Richards’ questions may provide a good starting place for reflection, but they do not give much insight beyond deciding whether or not technology might be an option or give any indication of with whom else the teacher might consult. Drawing on our own experiences and of those from the teachers with whom we work, we also suggest the following questions as a means of inspiring a more critical consideration for those teachers of the English language arts and English educators entertaining the thought of integrating technology:

  • Why do I want to use technologies? Is the purpose authentic? Purposeful? Do I have an instructional need that is not being currently met that technology might help with? If not, is there an instructional strategy or learning activity that I want to implement that technology might enhance or assist?
  • What are my goals and objectives as a teacher for my students? How can the technologies enhance my ability to reach these goals and objectives? How can they enhance my students’ abilities to reach these goals and objectives?
  • What are my students capable of doing and handling with regard to technology? What are their limitations? What am I capable of doing? What are my limitations? How can we teach each other, grow together?
  • What technology resources are available for me and for students, and how can they be used?
  • How might issues of access and equity affect our experience?
  • If resources are minimal, how can I maximize them? How can I adapt to limited access to technology tools and resources?
  • How will the use of technology affect or enhance my students’ overall literacy? Are there applications available for developing “translation/critical” literacy (Myers 1996) and/or “digital” literacy (Gilster 1997)? Are these consistent with my goals and objectives?
  • What are the curriculum standards, local, state, and national, which address technology in the English language arts? How might I fold these into a purposeful use of technology in my classroom?
  • What other issues do I need to consider? What other resources can I draw upon for insights?

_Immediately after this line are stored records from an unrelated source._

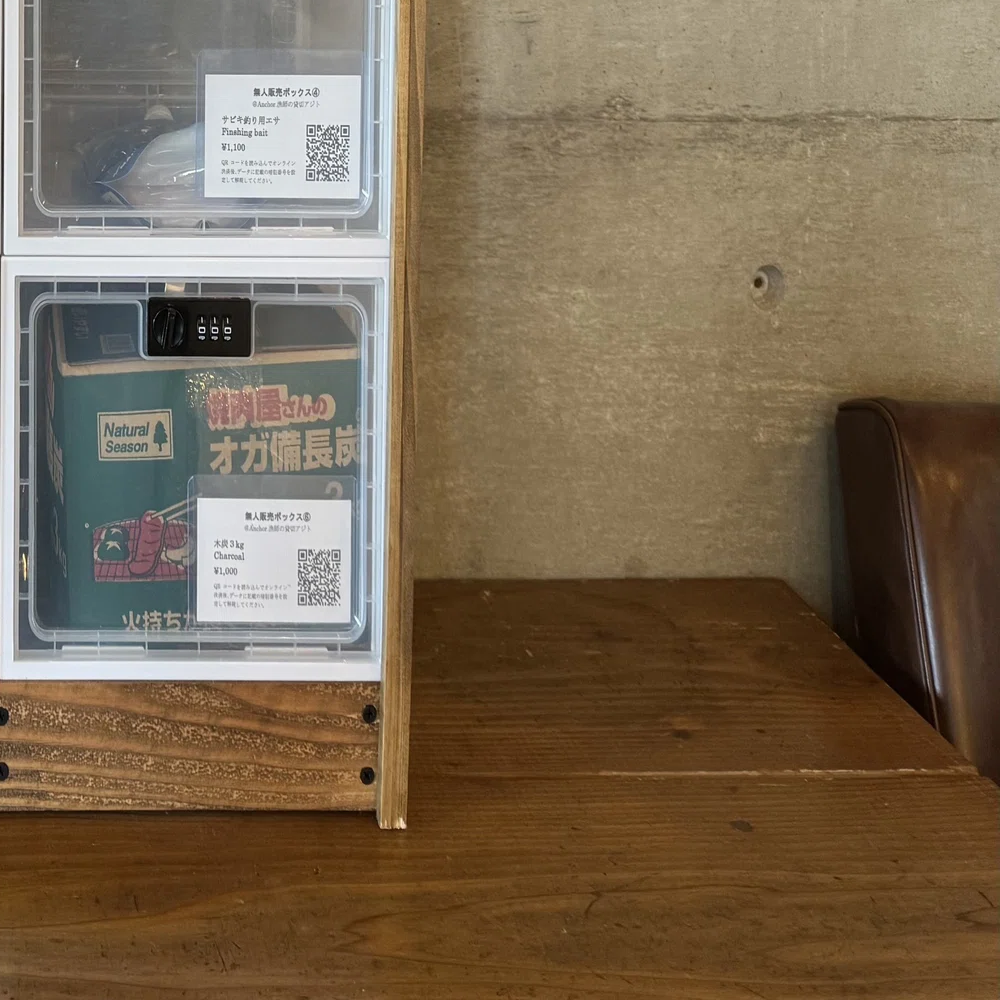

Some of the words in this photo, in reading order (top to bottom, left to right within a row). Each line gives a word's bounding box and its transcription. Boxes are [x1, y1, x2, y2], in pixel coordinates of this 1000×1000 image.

[253, 87, 320, 98] 無人販売ボックス④
[254, 128, 268, 137] bait
[221, 143, 246, 152] ¥1,100
[104, 421, 149, 438] Natural
[105, 441, 149, 454] Season
[245, 512, 311, 522] 無人販売ボックス⑥
[214, 552, 245, 561] Charcoal
[214, 567, 238, 576] ¥1,000
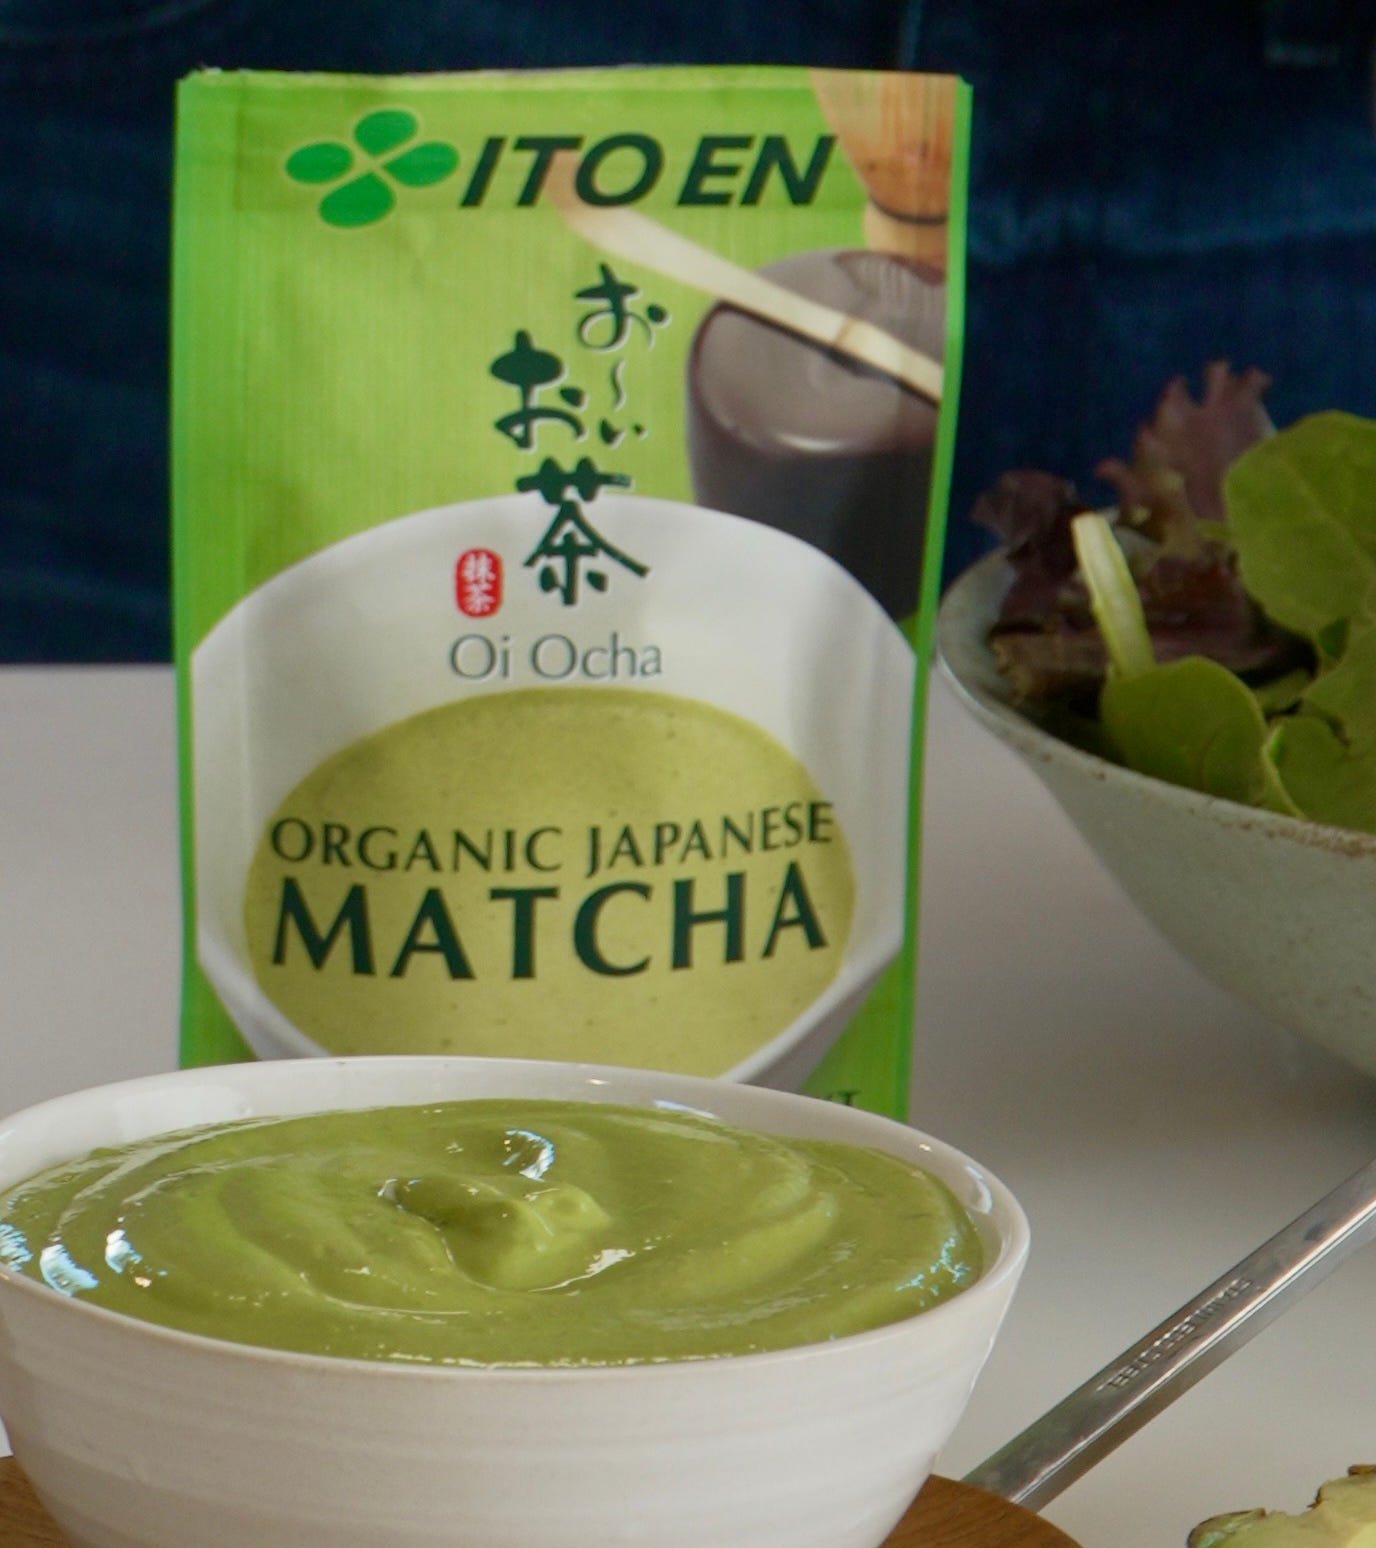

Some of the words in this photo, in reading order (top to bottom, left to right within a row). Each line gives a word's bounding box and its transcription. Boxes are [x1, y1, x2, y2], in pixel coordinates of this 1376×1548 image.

[459, 133, 664, 208] ITO
[675, 133, 837, 208] EN
[450, 633, 510, 680] Oi
[529, 631, 662, 680] Ocha
[270, 816, 563, 874] ORGANIC
[586, 800, 834, 879] JAPANESE
[271, 860, 829, 981] MATCHA

Rather than rely on quantifying the decision to use technology, we suggest teachers use their answers to these questions as a strategy to be proactive in preparing to teach with technology and as a way to flesh out an informed plan for doing it effectively.

Richards (2000) asserted, “As responsible educators, we owe it to ourselves and our students to make thoughtful, not compulsive, choices in instruction. Our answer should never be the same as the mountaineer, “‘Because it’s there'” (p. 41). While Richards point is valid, the reality is that technology is here, more pervasive than ever and proliferating at a furious pace. This fact raises another important consideration in terms of context—our students. Students are often the first to possess new technologies—if not the tools themselves, then the knowledge and skill involved to use them in strategic ways. They often bring a sense of technological know-how and literacy, which most teachers are not aware of and do not know how to draw upon for instructional purposes. While some teachers may not be comfortable using technology themselves, much less integrating it into their teaching, today’s students have always lived in an age of modern computer technology, the Internet, and e-mail. While the levels of development may vary among students, they are on average more savvy and more accustomed to life with technology than their teachers.

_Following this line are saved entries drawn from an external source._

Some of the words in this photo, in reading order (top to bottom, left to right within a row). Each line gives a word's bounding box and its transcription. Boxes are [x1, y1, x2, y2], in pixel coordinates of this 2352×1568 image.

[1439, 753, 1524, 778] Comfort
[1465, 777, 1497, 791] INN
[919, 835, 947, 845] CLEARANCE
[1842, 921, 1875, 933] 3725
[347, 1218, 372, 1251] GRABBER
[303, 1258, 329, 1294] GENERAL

Berger (2003), Gee (2003), and Smith and Wilhelm (2002) all revealed how students’ use of technology, specifically computer and video games, can provide important insights into literacy, learning, and effective teaching practices. According to Gee, “The theory of learning in good video games is close to what I believe are the best theories of learning in cognitive science” (7). He adds, “Furthermore, the theory of learning in good video games fits with the modern, high-tech, global world today’s children and teenagers live in than do the theories (and practices) of learning that they see in school” (p. 7).

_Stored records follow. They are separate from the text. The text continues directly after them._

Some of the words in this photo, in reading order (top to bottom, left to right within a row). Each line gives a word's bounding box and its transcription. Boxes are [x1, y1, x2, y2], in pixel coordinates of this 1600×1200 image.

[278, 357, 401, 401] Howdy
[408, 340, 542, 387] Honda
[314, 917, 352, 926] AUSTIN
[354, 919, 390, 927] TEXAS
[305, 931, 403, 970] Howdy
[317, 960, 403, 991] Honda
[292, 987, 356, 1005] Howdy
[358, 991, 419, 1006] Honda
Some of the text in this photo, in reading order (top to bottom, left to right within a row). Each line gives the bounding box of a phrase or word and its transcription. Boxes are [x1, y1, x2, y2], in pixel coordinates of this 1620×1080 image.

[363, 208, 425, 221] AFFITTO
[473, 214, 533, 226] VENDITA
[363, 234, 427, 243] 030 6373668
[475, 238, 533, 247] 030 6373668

Berger (2002) explored the effects of storytelling in the transition from print to electronic media, part of which involves a sense of agency in the interactive narratives of computer and video games that could potentially inspire children to read more. Together these authors provide the impetus for considering students’ experiences with technology applications beyond the classroom along with those literacies more traditionally recognized in school, and point to the need for more research on the potential effects and benefits that technology, like computer and video games, might hold for more effective teaching and learning.

Working Guidelines for Using Technology Effectively

In addition to asking key questions, the development of guidelines for using technology effectively is also an important consideration. Drawing on informal survey data, the authors have compiled a list of working guidelines, which represents both preservice and veteran teachers’ perceptions of what should and should not occur when technology is integrated into the English language arts classroom. (The first author surveyed students in methods courses over a two-year period to collect perceptions while the second author gathered ideas from teachers during a recent Third Coast Writing Project seminar he facilitated.)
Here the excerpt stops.